More than five years ago Burt Rutan made history with SpaceShipOne, the first civilian- built vehicle to reach space. That rocketplane hangs in the Milestones of Flight gallery in the Smithsonian's National Air and Space Museum in Washington, D.C., alongside Lindbergh's Spirit of St. Louis, Yeager's X-1 rocketplane Glamorous Glennis, and Armstrong's Apollo 11 Command Module Columbia.

Now for the main event: SpaceShipTwo will be unveiled tonight in Mojave, California, where Rutan and his company Scaled Composites have been working in secrecy for several years. SpaceShipTwo will not soon come to the Milestones of Flight gallery because, if Virgin Galactic founder Richard Branson has his way, the rocketplane will remain in service like an airliner, lofting paying passengers on suborbital flights for several minutes of weightlessness. The science community is interested too, for the research value of suborbital flight, and is training interested scientists.

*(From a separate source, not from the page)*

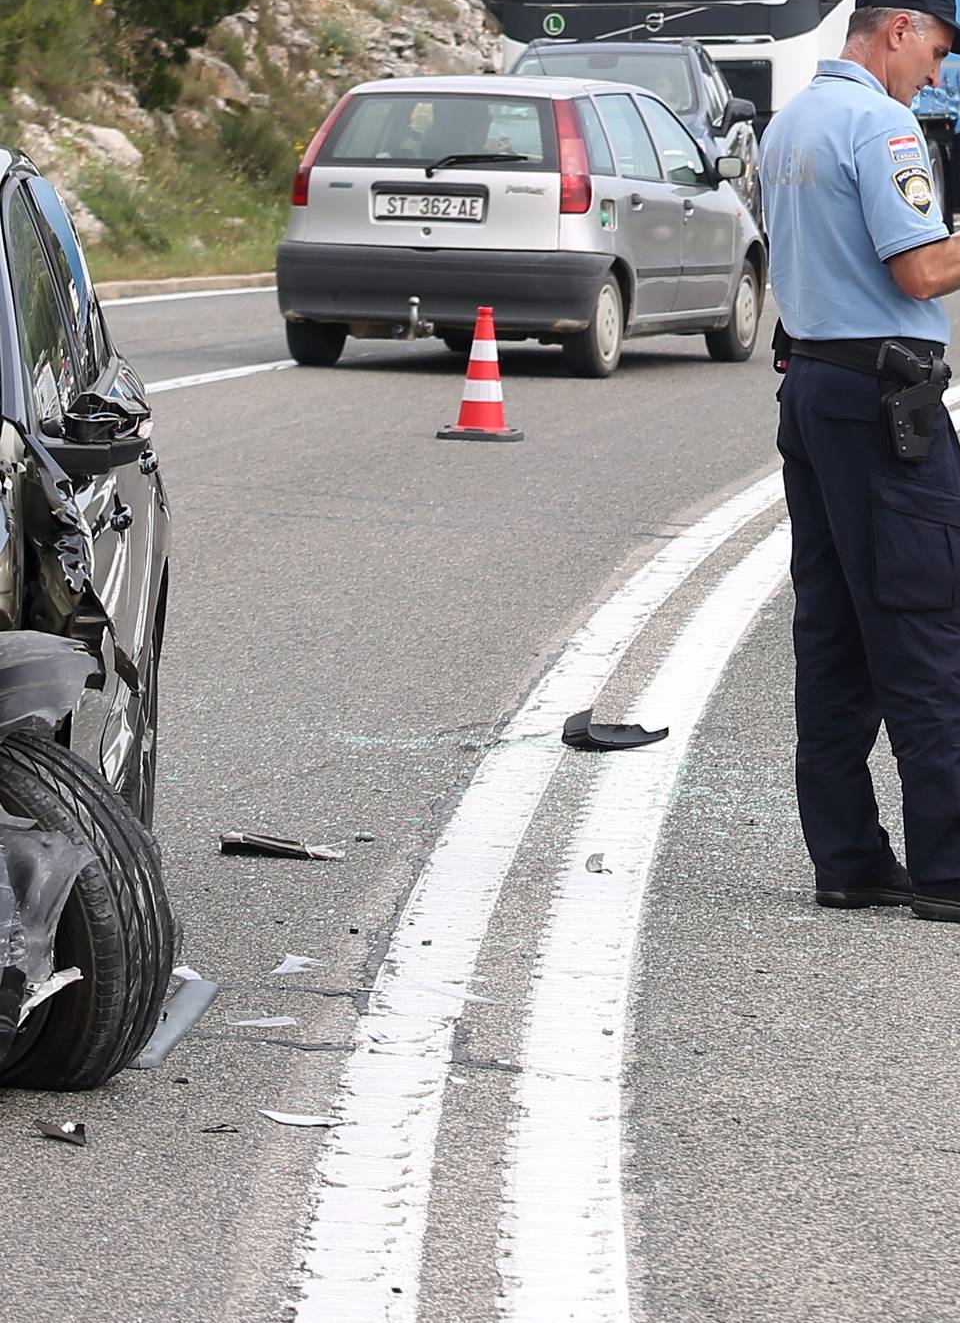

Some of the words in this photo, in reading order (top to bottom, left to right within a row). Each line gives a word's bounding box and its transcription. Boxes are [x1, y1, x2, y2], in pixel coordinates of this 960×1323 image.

[549, 18, 559, 31] L
[387, 196, 406, 214] ST
[419, 197, 480, 217] 362-AE

Here's a neat animation of how the experience may turn out: Flown by two pilots, each craft will have the cabin area of a Gulfstream V business jet, and will carry six paying passengers at a top speed of 2,500 miles an hour, faster than an SR-71 Blackbird. They'll fly much higher than the Blackbird's 15-to-16-mile altitude—SpaceShipTwo will reach between 84 and 87 miles. The passenger seats will recline during reentry to allow passengers to tolerate the G forces more comfortably.

There will eventually be five SpaceShipTwo rocketplanes built under a joint venture of Scaled Composites and Branson's Virgin Group called The Spaceship Company, which also will build two carrier airplanes named WhiteKnightTwo. Virgin Galactic, the launch customer, will have exclusive use of the craft during the first year and a half of commercial operations.

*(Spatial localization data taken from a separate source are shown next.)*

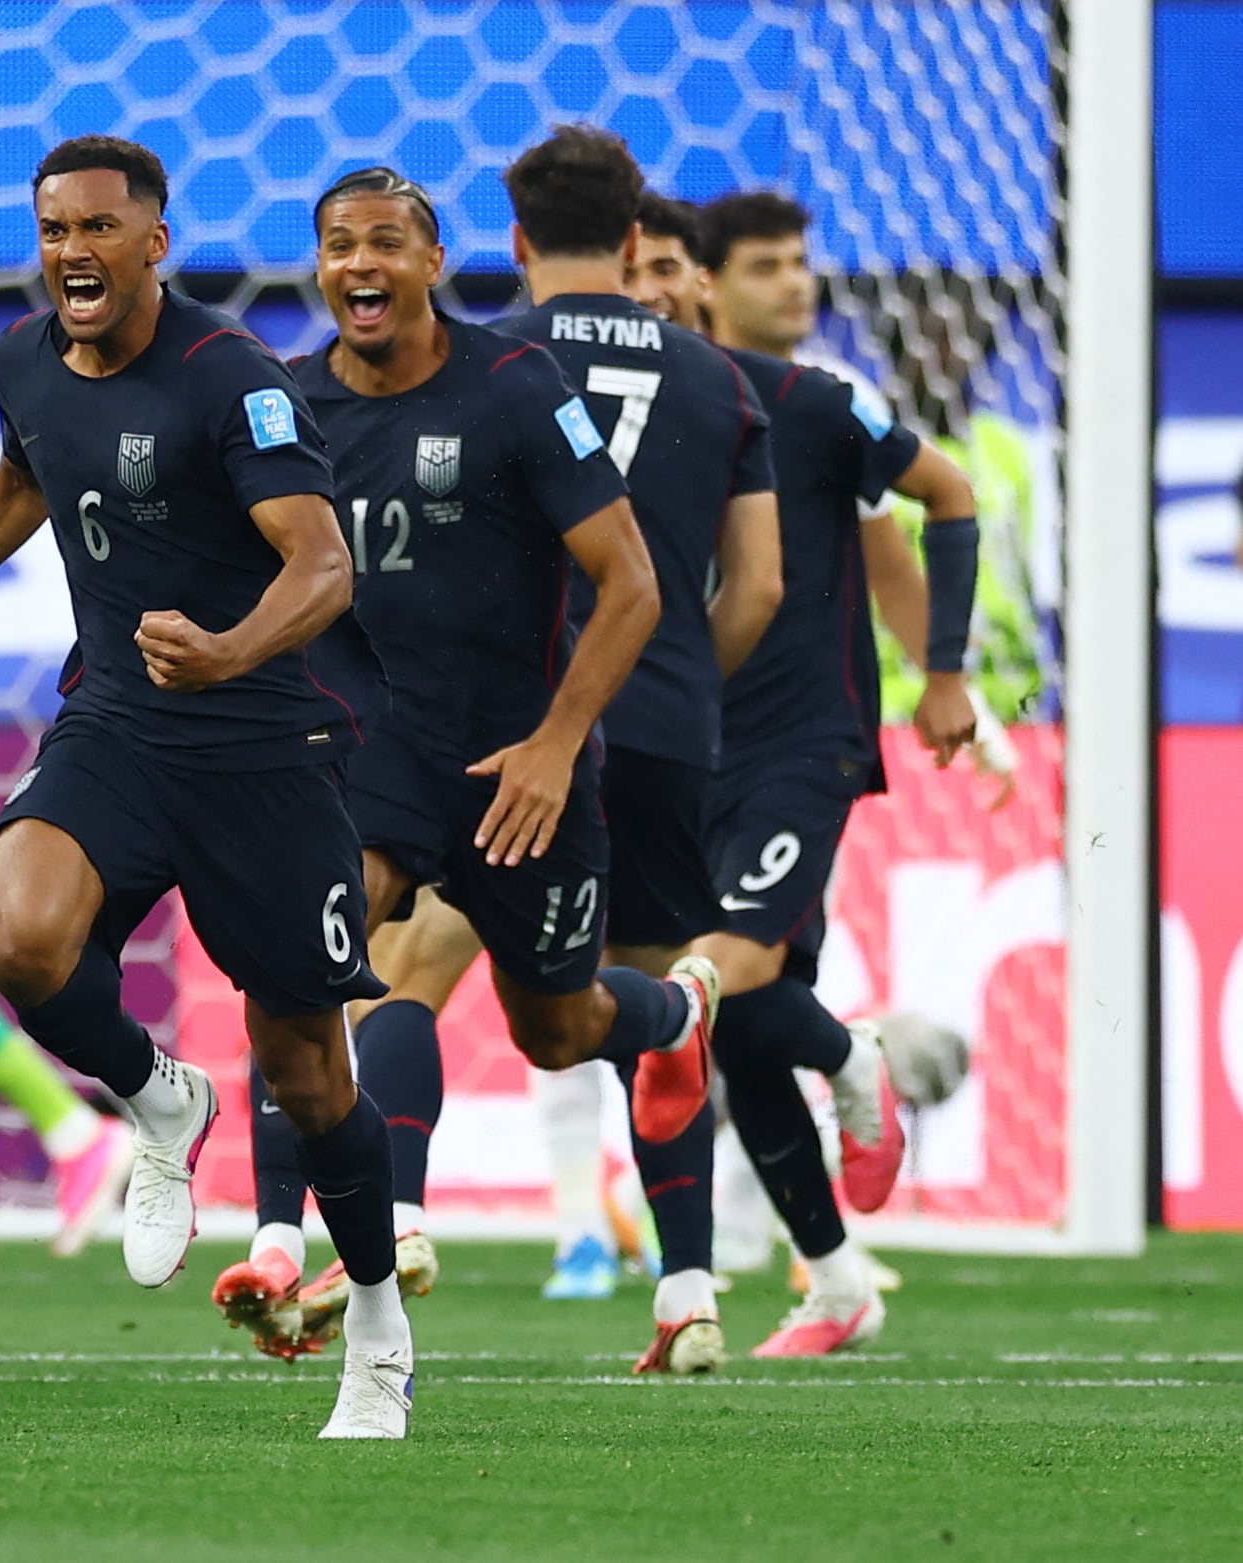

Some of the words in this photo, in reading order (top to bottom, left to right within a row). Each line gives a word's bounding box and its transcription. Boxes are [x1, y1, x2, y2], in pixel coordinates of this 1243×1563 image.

[551, 314, 663, 352] REYNA
[121, 437, 151, 463] USA
[419, 440, 457, 465] USA
[586, 364, 662, 478] 7
[78, 490, 110, 562] 6
[351, 498, 413, 575] 12
[738, 830, 802, 892] 9
[322, 882, 351, 964] 6
[534, 877, 598, 952] 12
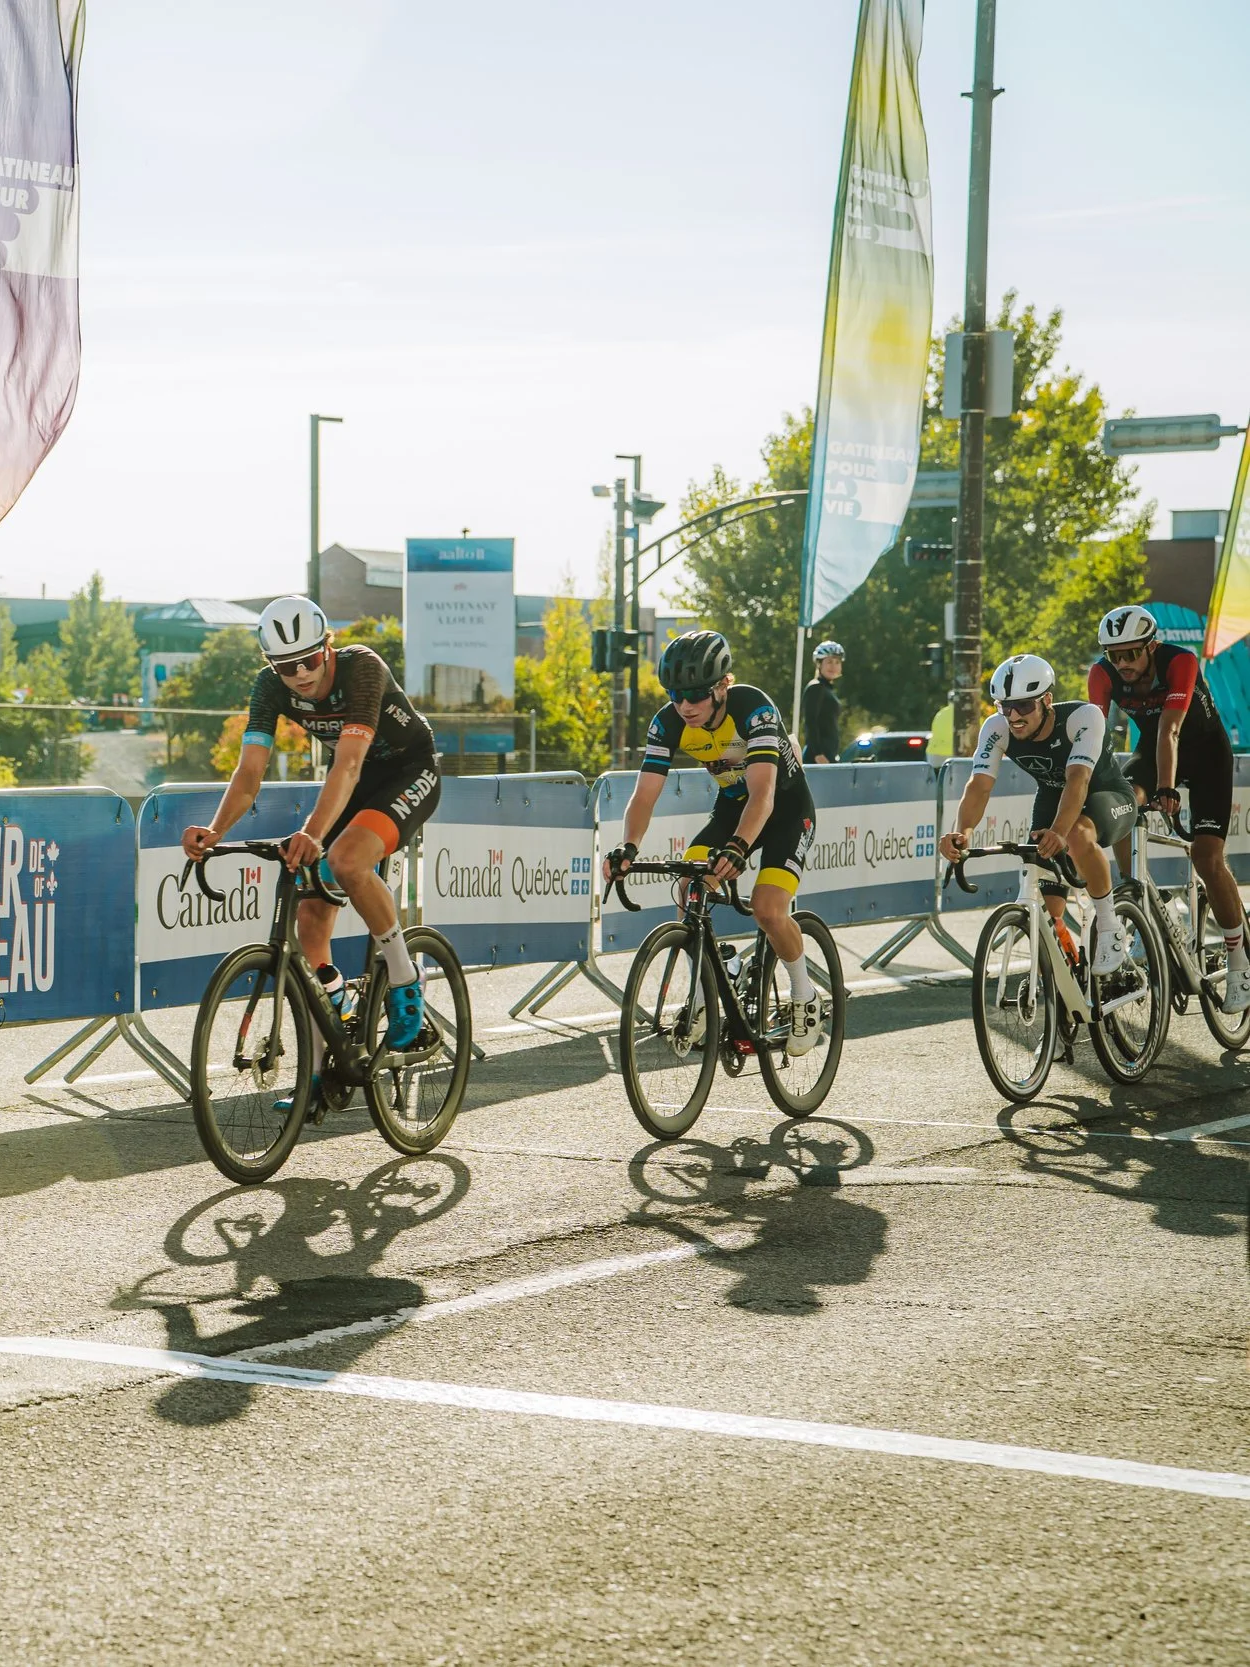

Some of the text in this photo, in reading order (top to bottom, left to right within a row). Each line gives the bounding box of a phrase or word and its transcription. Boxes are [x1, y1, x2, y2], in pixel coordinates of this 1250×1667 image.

[829, 441, 915, 466] GATINEAU
[825, 460, 877, 479] POUR
[824, 479, 848, 495] LA
[825, 500, 854, 516] VIE
[29, 838, 45, 873] DE
[864, 828, 914, 869] Québec
[34, 875, 45, 898] OF
[435, 848, 569, 903] Canada Québec
[157, 867, 261, 930] Canada

The first captive-carry flights are expected to take place within the next month or two, but the first suborbital test flight may not happen until 2011. Early commercial flights will run about $200,000 a ticket.

For all the Trekkies out there who applied enough pressure back in the 1970s to get the first NASA space shuttle orbiter named Enterprise, well, congrats, you've done it again. The first SpaceShipTwo will be named Enterprise, for the very same starship.